Elle s'était forcée à se taire et était restée sans bouger, les bras ballants, son vélo posé à ses pieds. Après quelques minutes elle avait enfin entendu le chant des grenouilles. Elles semblaient faire la fête. Puis elle avait remarqué un bruit sourd, plus discret, celui de l'eau qui doucement coulait le long des feuilles et tombait dans un rythme désordonné sur une famille de grands champignons blancs. Elle commençait à se détendre, elle respirait moins vite.
Il lui avait dit : « sens ! » et sans plus rouspéter elle avait humé l'odeur enivrante de l'herbe mouillée et les parfums mélangés des fleurs de la forêt. D'elle-même, sans attendre qu'il lui ordonne, elle avait fermé les yeux et senti le vent sur son visage, sa fraîcheur et ses changements brusques de direction.
Il avait alors murmuré : « on est là, tous les deux » .
Et comme il lisait dans l'œil surpris qu'elle avait à demi rouvert qu'elle ne comprenait pas, il avait ajouté : « on est bien, non ? » avec un grand sourire.
Il avait sorti sa main de sa poche et l'avait ouverte devant elle. Une pierre orangée s'y trouvait.
- Prends la, ma grande, pour te rappeler aujourd'hui, pour que toujours tu voies la vie du bon côté
Puis il avait posé ses lèvres sur sa joue et avait éclaté de rire.

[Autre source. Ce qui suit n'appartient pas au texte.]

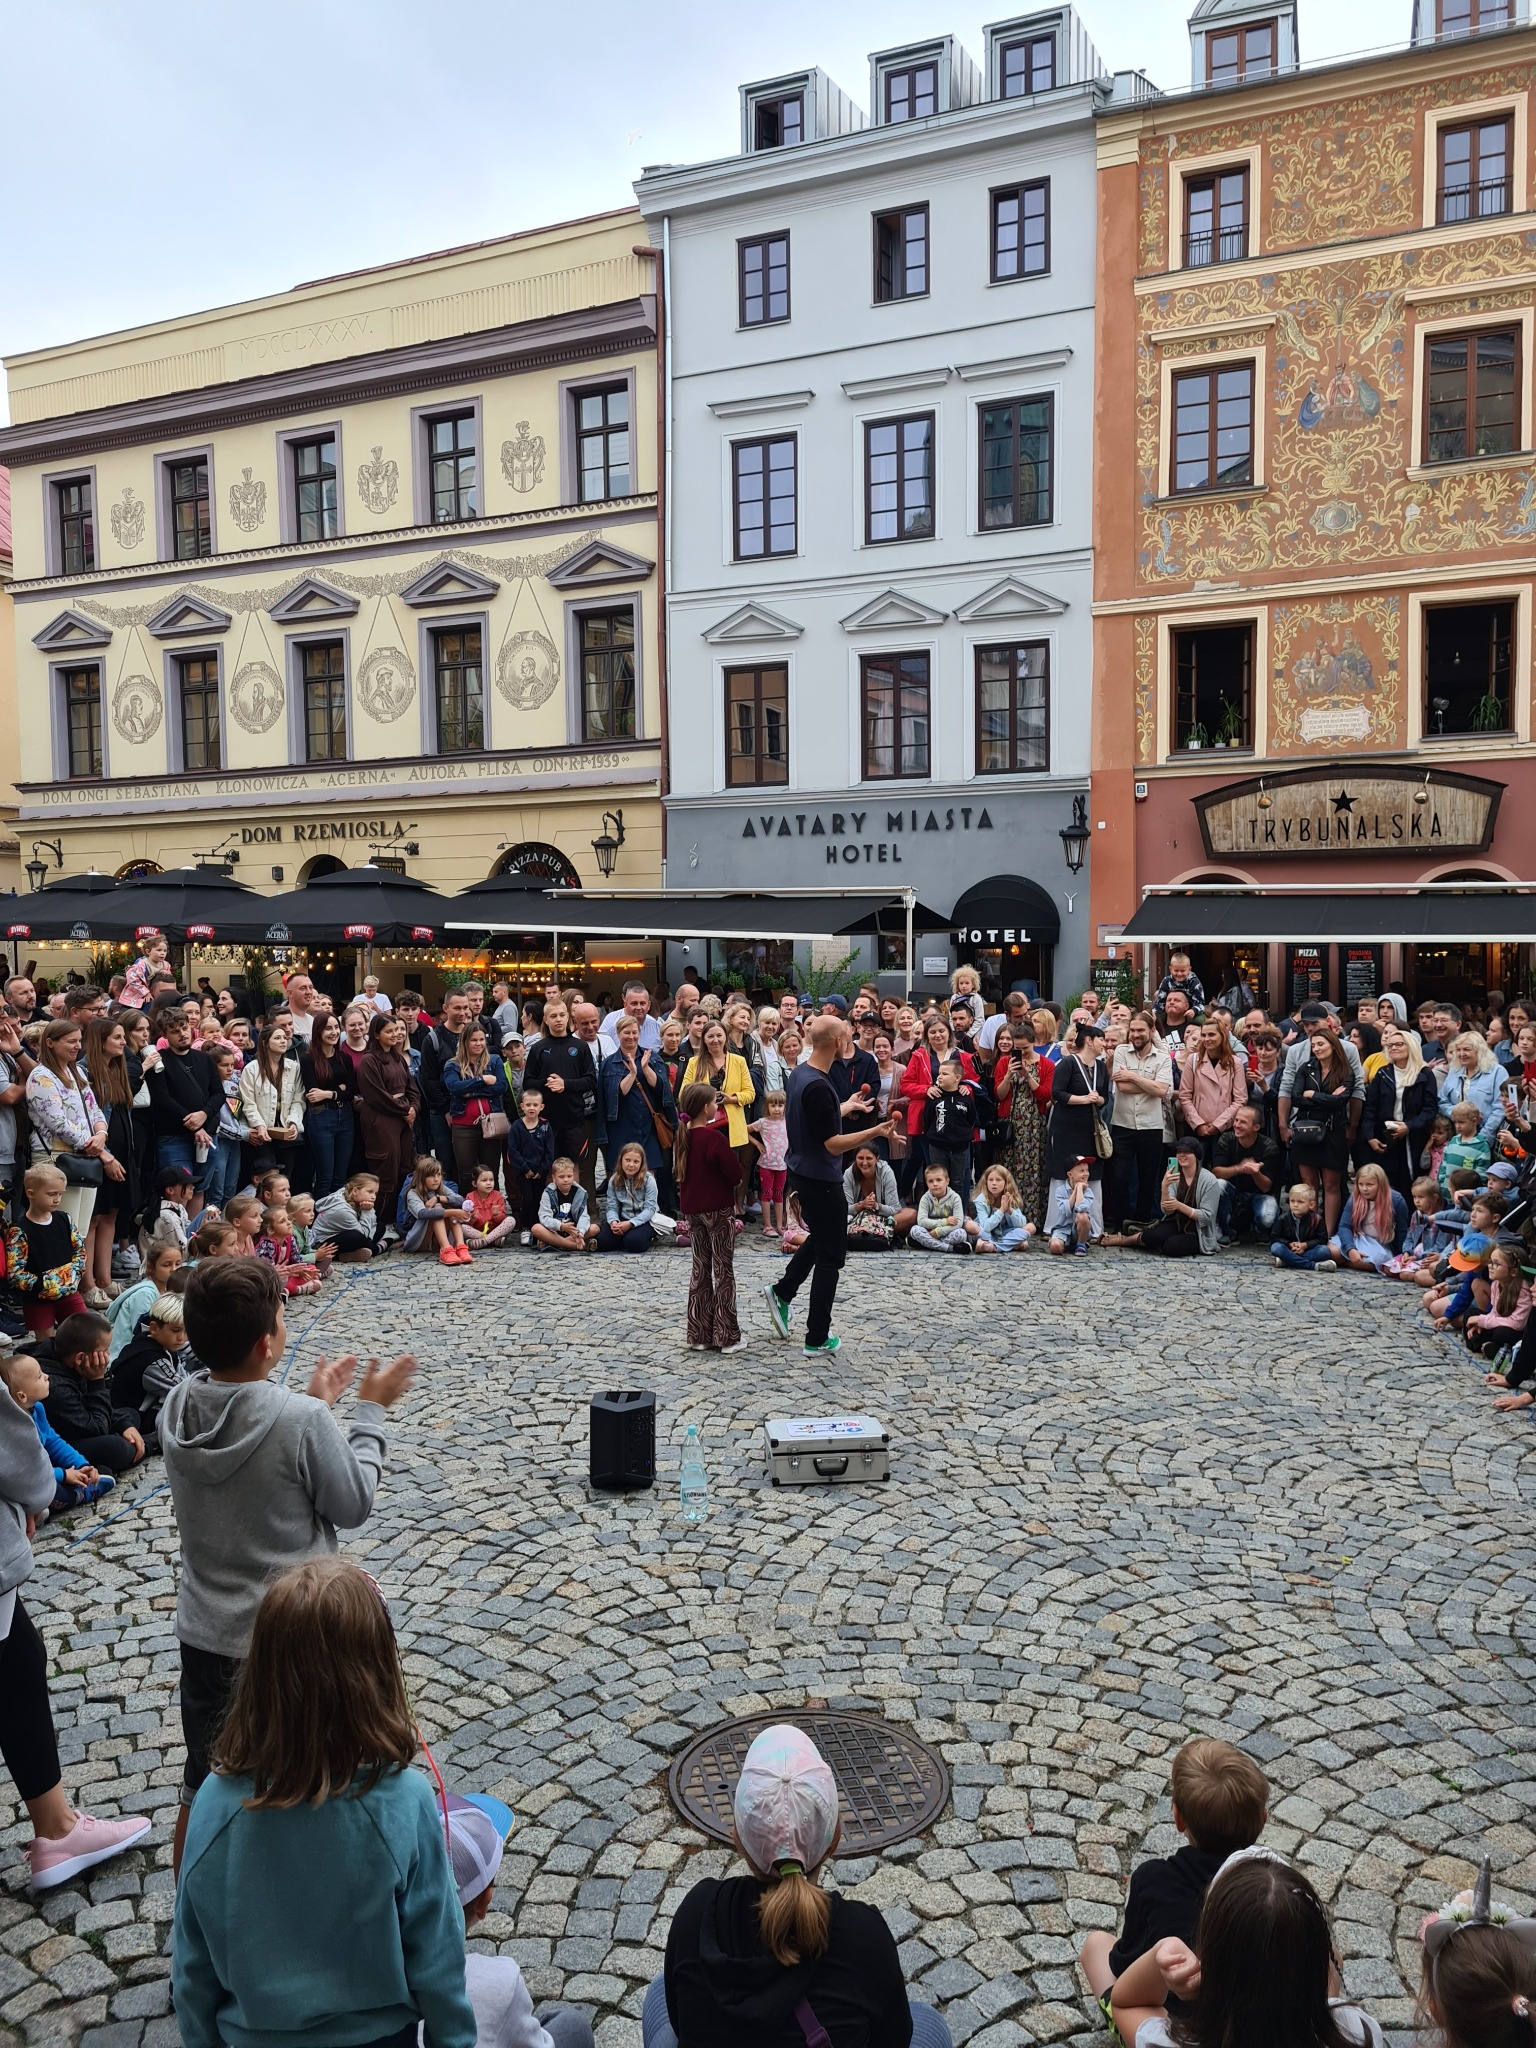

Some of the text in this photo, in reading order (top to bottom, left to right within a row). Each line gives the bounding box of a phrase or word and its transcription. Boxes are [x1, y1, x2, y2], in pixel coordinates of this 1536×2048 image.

[42, 791, 72, 804] DOM
[78, 789, 109, 803] ONGI
[116, 783, 200, 800] SEBASTIANA
[216, 776, 309, 794] KLONOWICZA
[408, 763, 468, 781] AUTORA
[478, 761, 522, 777] FLISA
[241, 820, 406, 844] DOM RZEMIOSŁA
[742, 807, 994, 838] AVATARY MIASTA
[1249, 812, 1443, 844] TRYBUNALSKA
[508, 852, 562, 872] PIZZA PUB
[826, 843, 902, 864] HOTEL
[958, 929, 1031, 943] HOTEL
[1298, 948, 1318, 957] PIZZA
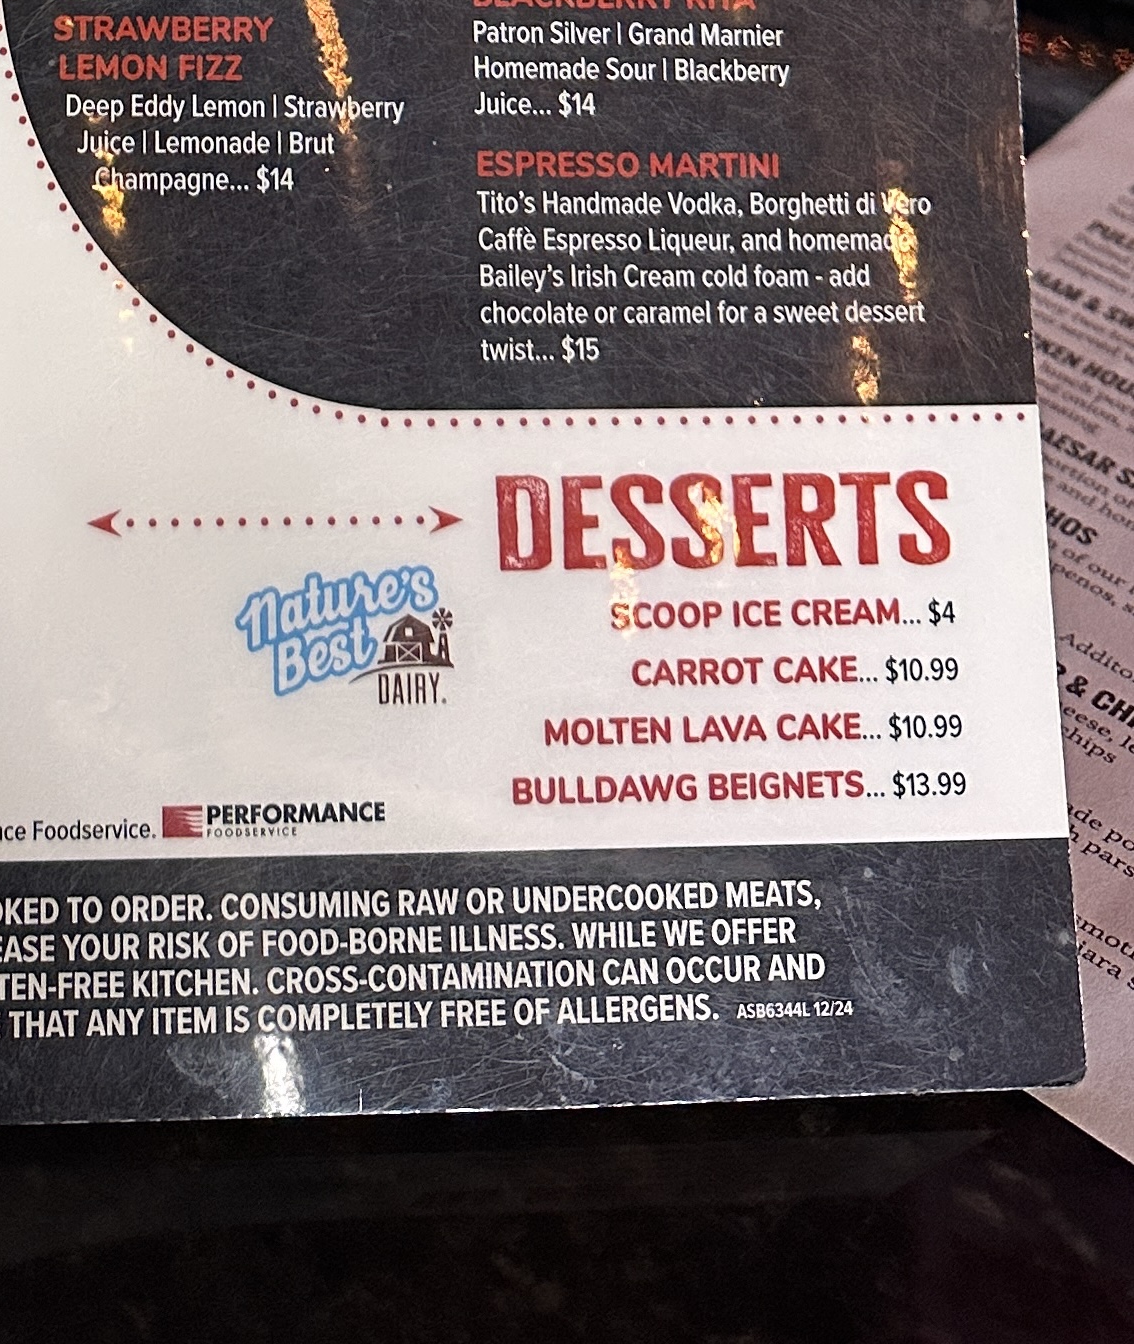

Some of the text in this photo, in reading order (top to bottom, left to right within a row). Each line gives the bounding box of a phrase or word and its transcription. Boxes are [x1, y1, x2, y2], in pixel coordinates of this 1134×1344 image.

[477, 150, 779, 179] ESPRESSO MARTINI
[480, 299, 925, 325] chocolate or caramel for a sweet dessert
[480, 334, 600, 364] twist... $15
[495, 470, 951, 572] DESSERTS
[274, 615, 379, 697] Best
[1065, 674, 1089, 698] &
[512, 770, 966, 806] BULLDAWG BEIGNETS... $13.99
[207, 801, 386, 825] PERFORMANCE
[33, 818, 157, 841] Foodservice.
[207, 826, 298, 838] FOODSERVICE
[8, 1009, 79, 1038] THAT
[86, 1008, 144, 1037] ANY
[153, 1005, 251, 1035] ITEM
[225, 1005, 250, 1033] IS
[257, 1000, 431, 1032] COMPLETELY
[440, 999, 507, 1028] FREE
[514, 999, 551, 1025] OF
[557, 994, 720, 1025] ALLERGENS.
[736, 999, 854, 1020] ASB6344L 12/24
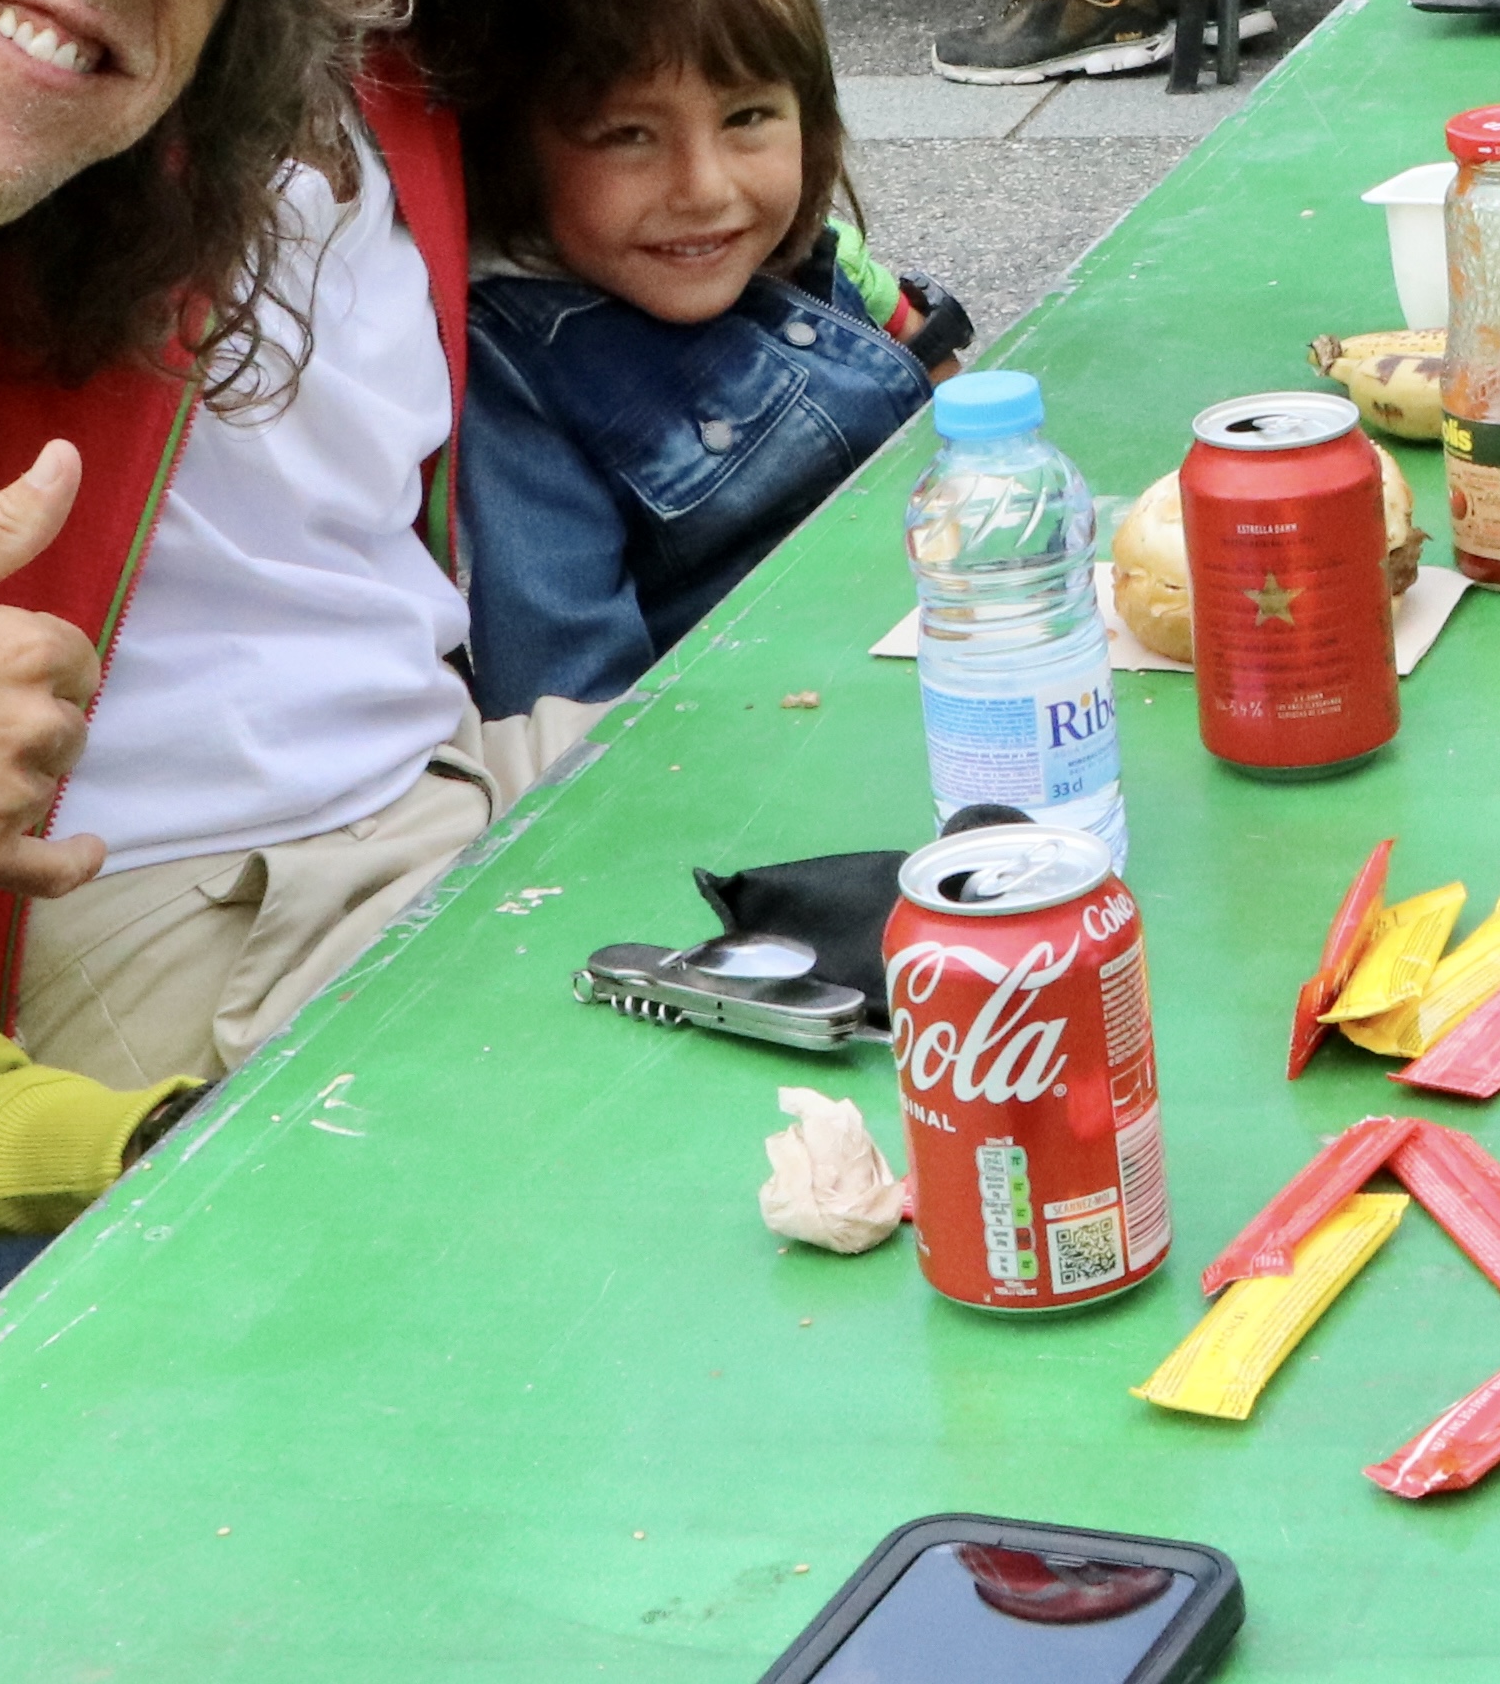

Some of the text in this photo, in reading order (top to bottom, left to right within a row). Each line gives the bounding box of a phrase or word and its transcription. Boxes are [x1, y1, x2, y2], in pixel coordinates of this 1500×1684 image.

Elle serre l'ambre si fort que ses doigts blanchissent. Elle marche comme une automate sur le sable frais de ce jour de printemps.

- Tu fais quoi ?
...
- Dis, tu fais quoi ?
Elle s'était allongée sur la plage, recroquevillée comme un enfant dans le ventre de sa mère.
Les larmes ne coulent plus sur ses joues mais elles tombent toujours en cascade dans son coeur.
Elle grelotte de douleur et de froid. Les passants dévient de leur trajectoire pour l'éviter. Ils détournent les yeux. Les rares qui posent un regard furtif sur elle hochent la tête et soupirent. Ils doivent penser qu'elle est ivre. Ou droguée.

Ivre elle l'est... De tristesse, de lui, d'eux deux, de plus jamais, de la mort qui l'a emporté.

- Tu fais quoi ?
Elle ouvre les yeux. Une petite main est posée sur son bras. Elle suit le contour de la peau tendre jusqu'à deux dents écartées, un nez couvert de taches de rousseur et des lunettes de soleil à monture rouge.
- Laisse-moi, je dors !
- Tu viens creuser avec moi, dis, tu viens ?

Alors qu'elle allait se fâcher pour qu'il s'en aille jouer plus loin, elle sursaute
- Que vas-tu faire ? N'y pense même pas ! Je t'ai déjà dit 100 fois de laisser la vie te guider, dis oui !!!
Son coeur bat plus fort.
- Où es-tu ? Parle-moi encore ... , supplie-t-elle sans un mot.
Elle se redresse et pose son visage entre ses mains.

- C'est à toi ça ?
Le petit garçon lui tend la pierre qu'elle avait lâchée.
- C'est le caillou de ton amoureux ! - dit-il avant d'éclater d'un rire qui ressemble à une pluie d'étincelles.
Elle le dévisage. Il y a quelque chose d'étrange dans ce petit garçon, quelque chose de vieux, de sage ... elle ne sait trop comment le qualifier.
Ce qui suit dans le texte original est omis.